4. Ausblick: Anknüpfungsversuche: Hier wird die Bedeutung von Brechts Ideen für spätere medientheoretische Ansätze sowie für das Neue Hörspiel und das Original-Ton-Verfahren diskutiert.

5. Fazit: Das Fazit fasst zusammen, dass Brechts Konzept zwar geschichtlich scheiterte, aber als sperrige Herausforderung für die medientheoretische Debatte und als Plädoyer für einen emanzipatorischen Mediengebrauch Bestand hat.

Schlüsselwörter

Bertolt Brecht, Radiotheorie, Weimarer Republik, Kommunikationsapparat, Hörspiel, Der Flug der Lindberghs, Neue Sachlichkeit, Materialästhetik, Medienkritik, Rundfunkzensur, Aktivierung des Hörers, Emanzipatorischer Mediengebrauch, Massenkultur, Ideologiekritik

Häufig gestellte Fragen

Worum geht es in der Arbeit grundsätzlich?

Die Arbeit beschäftigt sich mit den theoretischen Überlegungen und der praktischen Radioarbeit Bertolt Brechts in den Jahren 1927 bis 1932 und untersucht dessen Kritik am damaligen Rundfunksystem.

Was sind die zentralen Themenfelder?

Im Zentrum stehen die organisatorische Struktur des Weimarer Rundfunks, Brechts Forderung nach Umfunktionierung des Rundfunks vom Distributions- zum Kommunikationsapparat und die Analyse seines Radioexperiments „Der Flug der Lindberghs“.

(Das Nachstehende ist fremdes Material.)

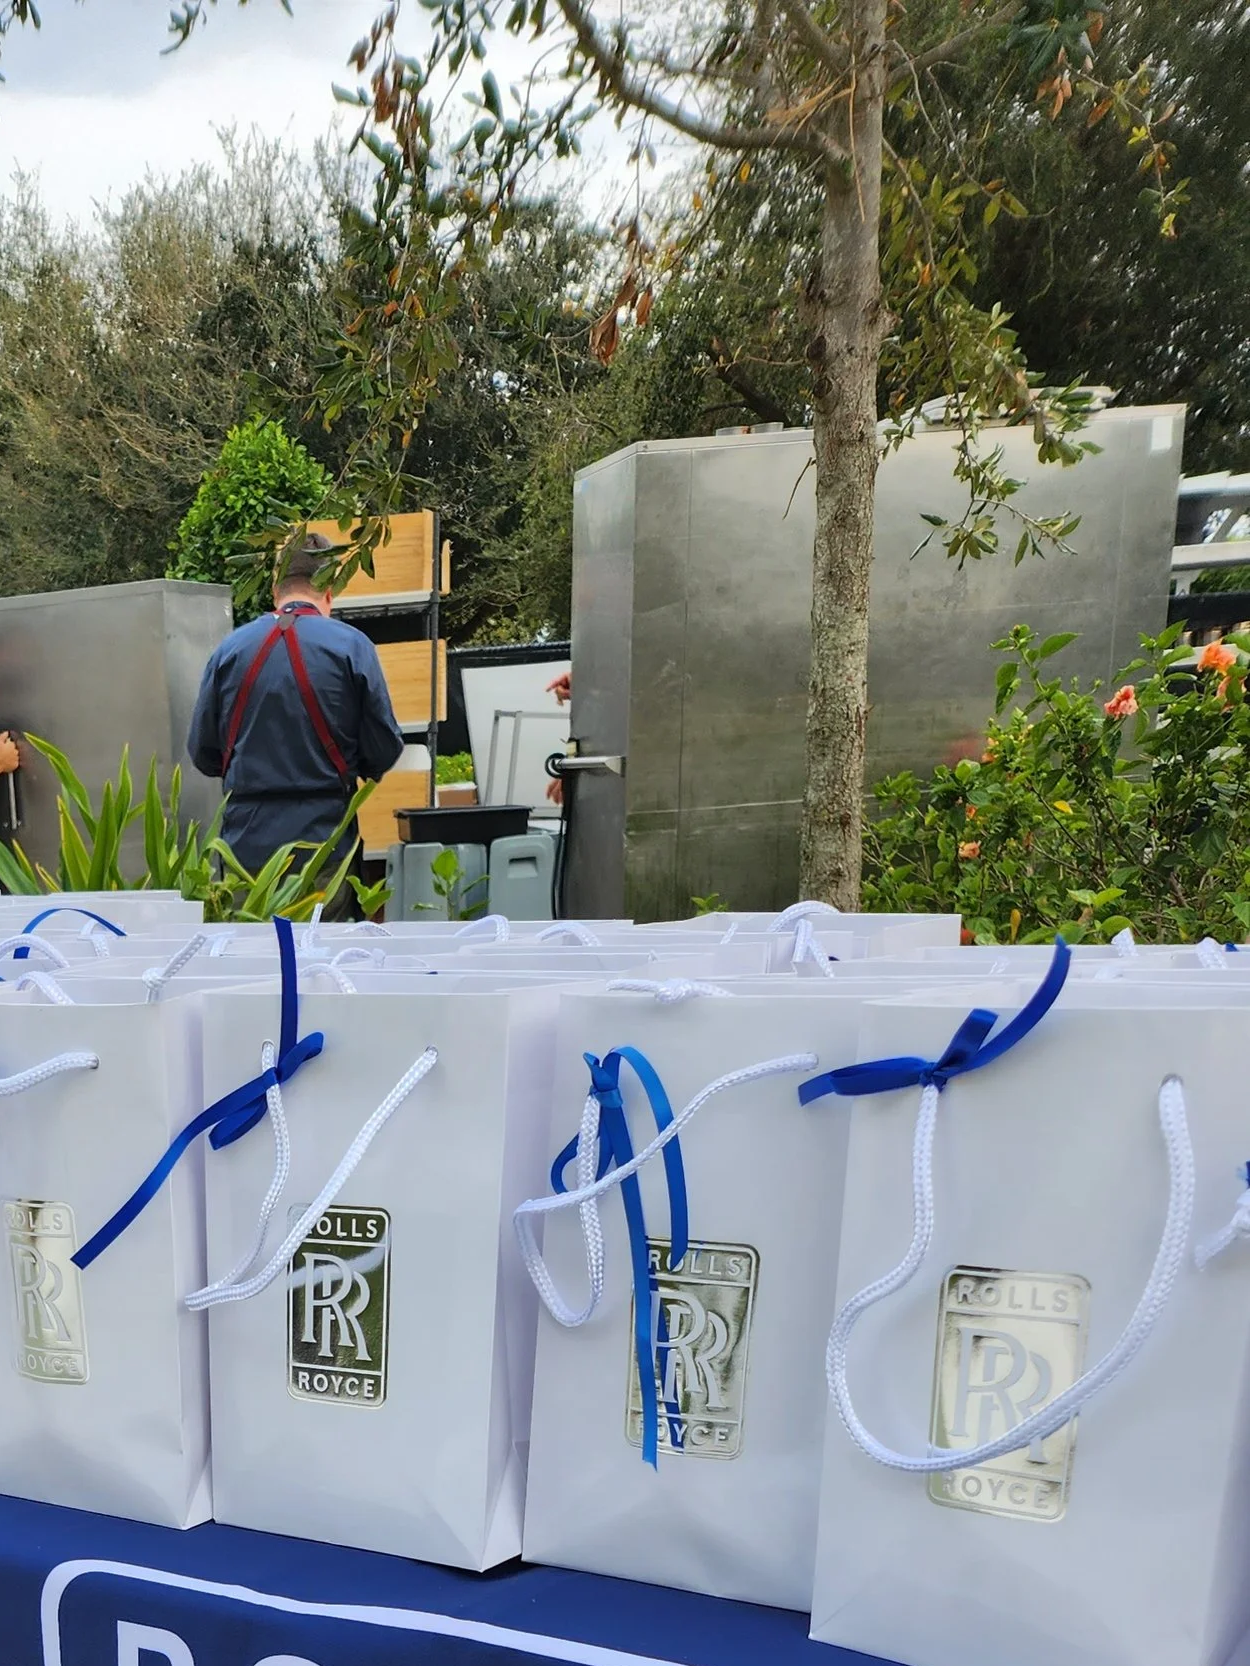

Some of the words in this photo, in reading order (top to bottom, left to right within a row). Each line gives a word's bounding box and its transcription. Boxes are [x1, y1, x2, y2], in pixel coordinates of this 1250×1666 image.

[5, 1207, 64, 1231] ROLLS
[308, 1216, 378, 1239] OLLS
[957, 1279, 1069, 1313] ROLLS
[299, 1371, 375, 1398] ROYCE
[941, 1473, 1049, 1509] ROYCE

Was ist das primäre Ziel der Arbeit?

Ziel ist es, die Widersprüche in Brechts Rundfunkkonzept aufzudecken, sein Scheitern in der damaligen historischen Situation zu erklären und seine bleibende Relevanz als Impulsgeber für die Medienkritik zu bewerten.

Welche wissenschaftliche Methode wird verwendet?

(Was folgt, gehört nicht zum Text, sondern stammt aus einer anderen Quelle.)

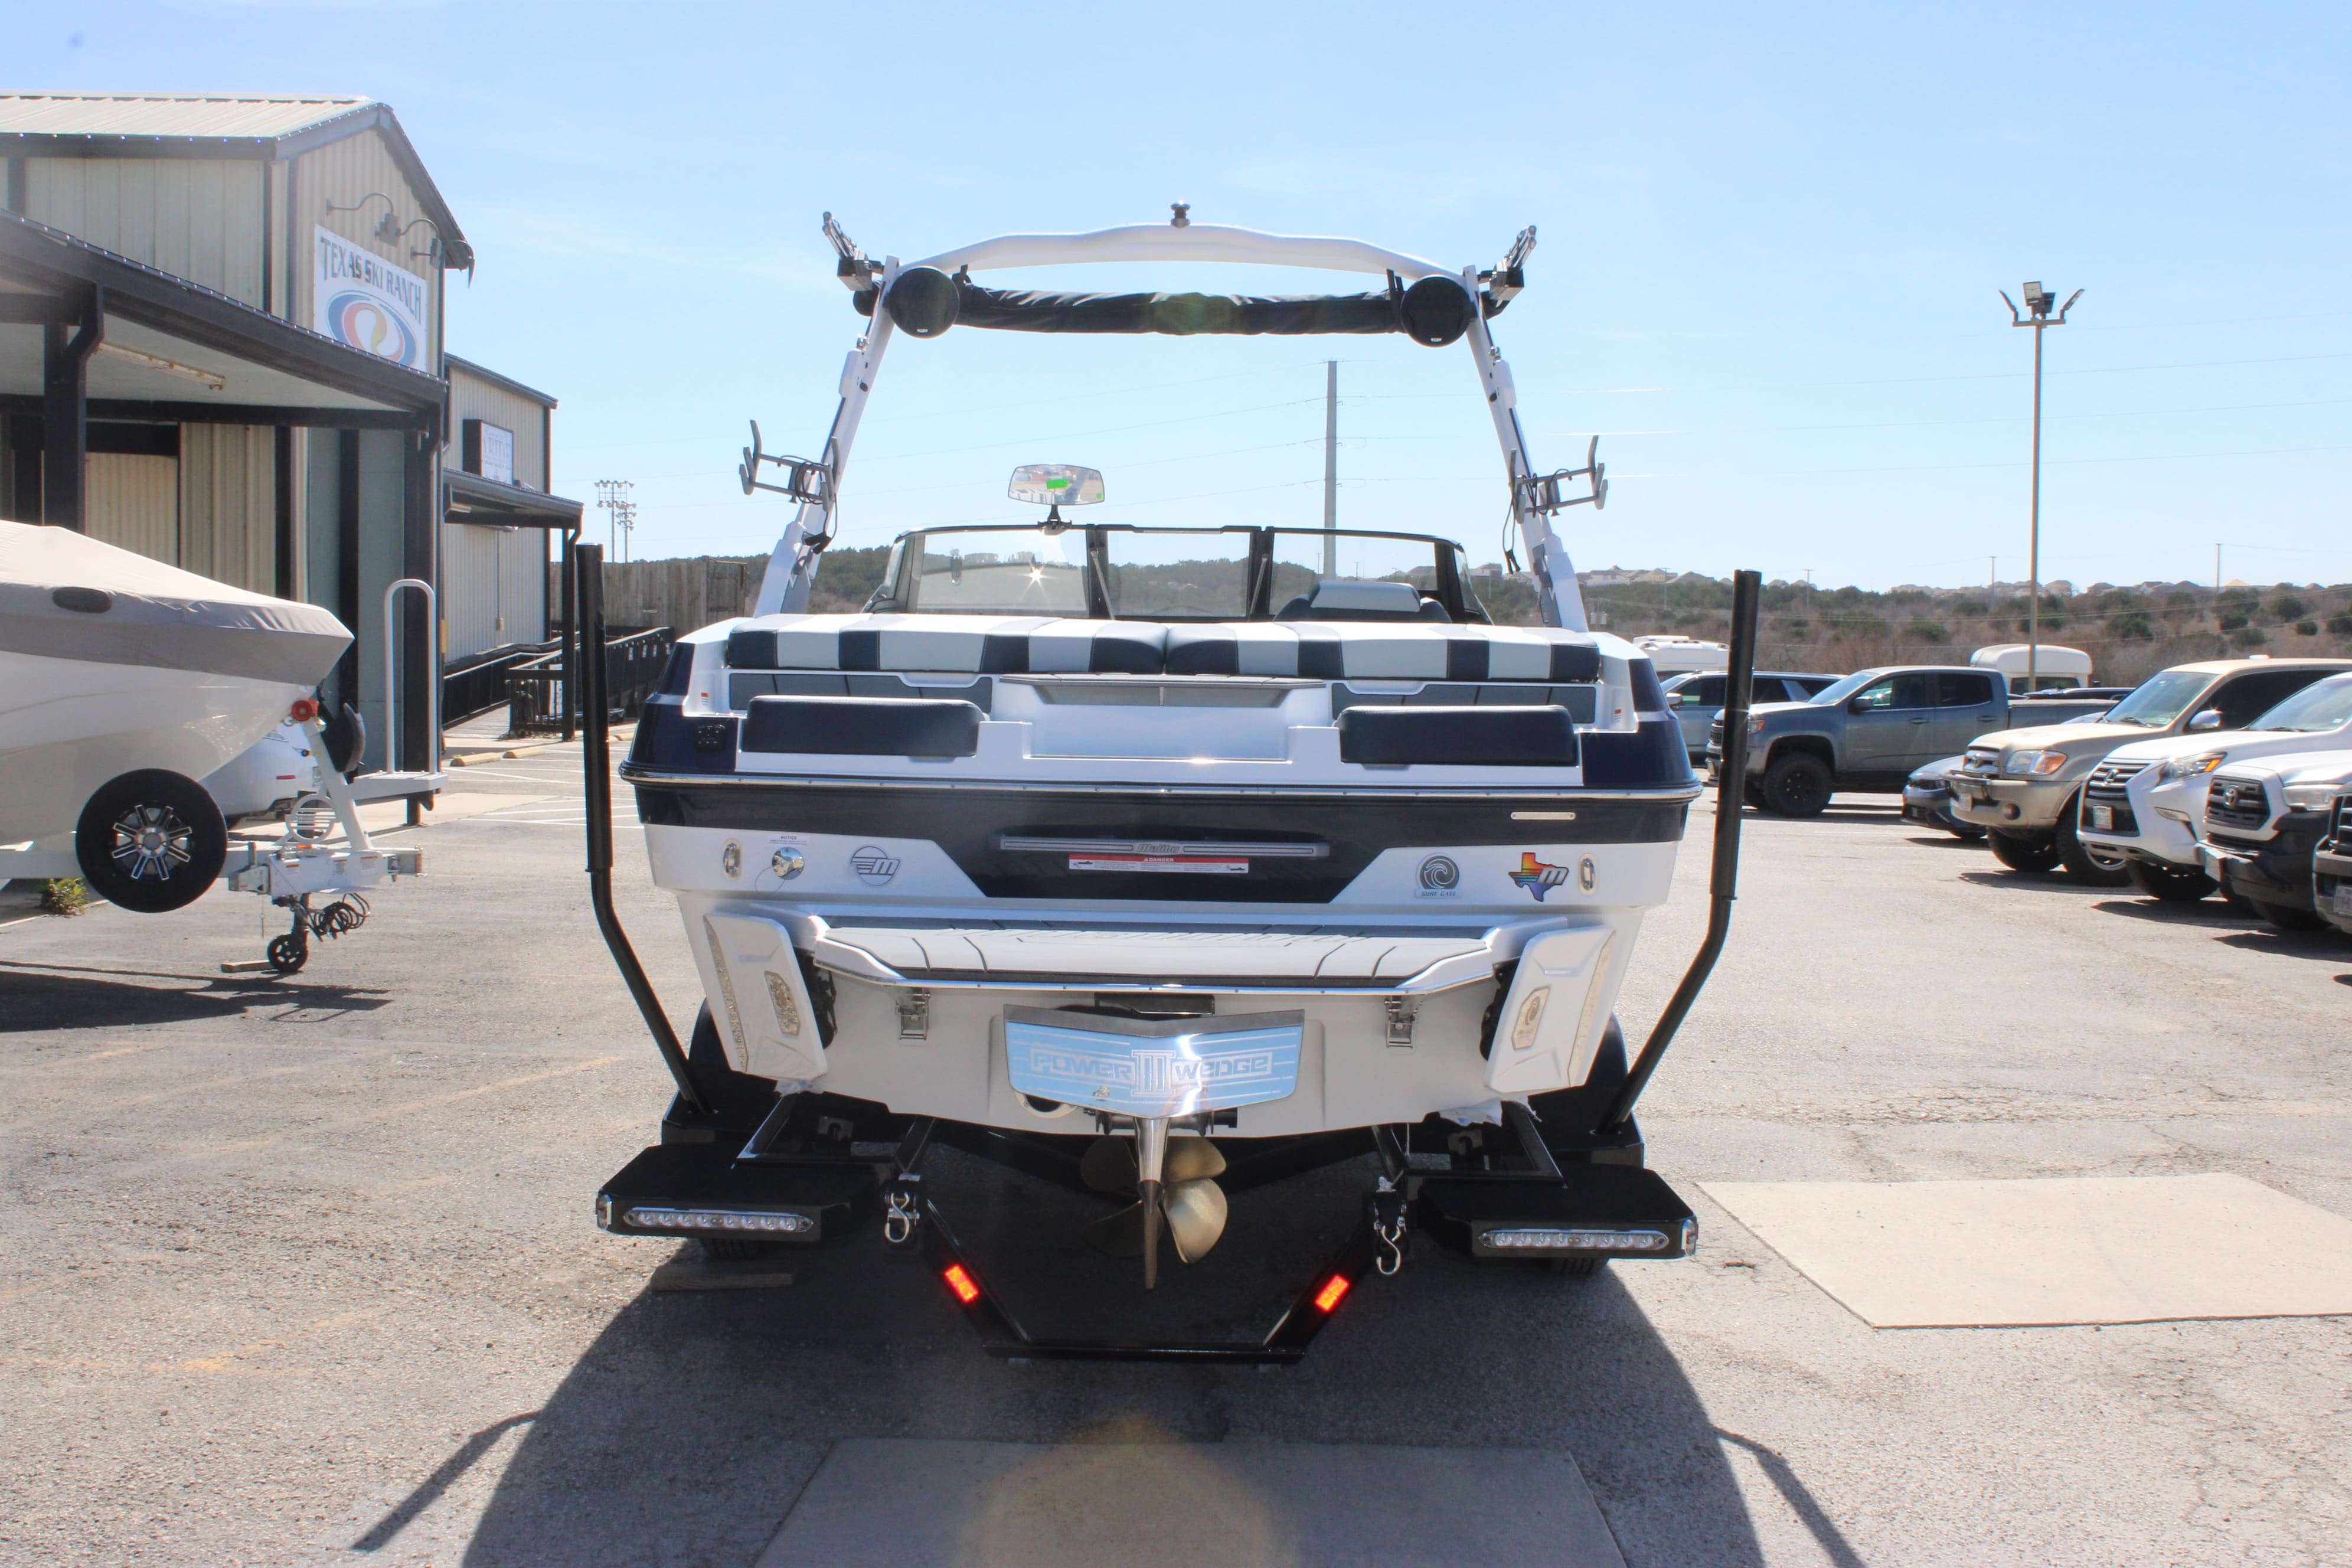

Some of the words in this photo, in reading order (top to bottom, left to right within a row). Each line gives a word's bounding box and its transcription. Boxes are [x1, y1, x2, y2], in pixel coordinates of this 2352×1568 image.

[321, 237, 362, 282] TEXAS
[364, 260, 383, 290] SKI
[387, 271, 422, 325] RANCH
[1032, 1053, 1134, 1082] POWER
[1174, 1054, 1270, 1082] WEDGE

Die Arbeit basiert auf einer Literaturanalyse, die verschiedene Forschungspositionen zu Brechts Medienästhetik zusammenführt und diese kritisch gegenüberstellt.

Was wird im Hauptteil behandelt?

Der Hauptteil analysiert detailliert die theoretischen Texte Brechts, sein Radiolehrstück als praktischen Versuch der Hörerdeaktivierung und der gleichzeitigen Aktivierung zum Produzenten sowie die Kritik der Forschung an diesen Ansätzen.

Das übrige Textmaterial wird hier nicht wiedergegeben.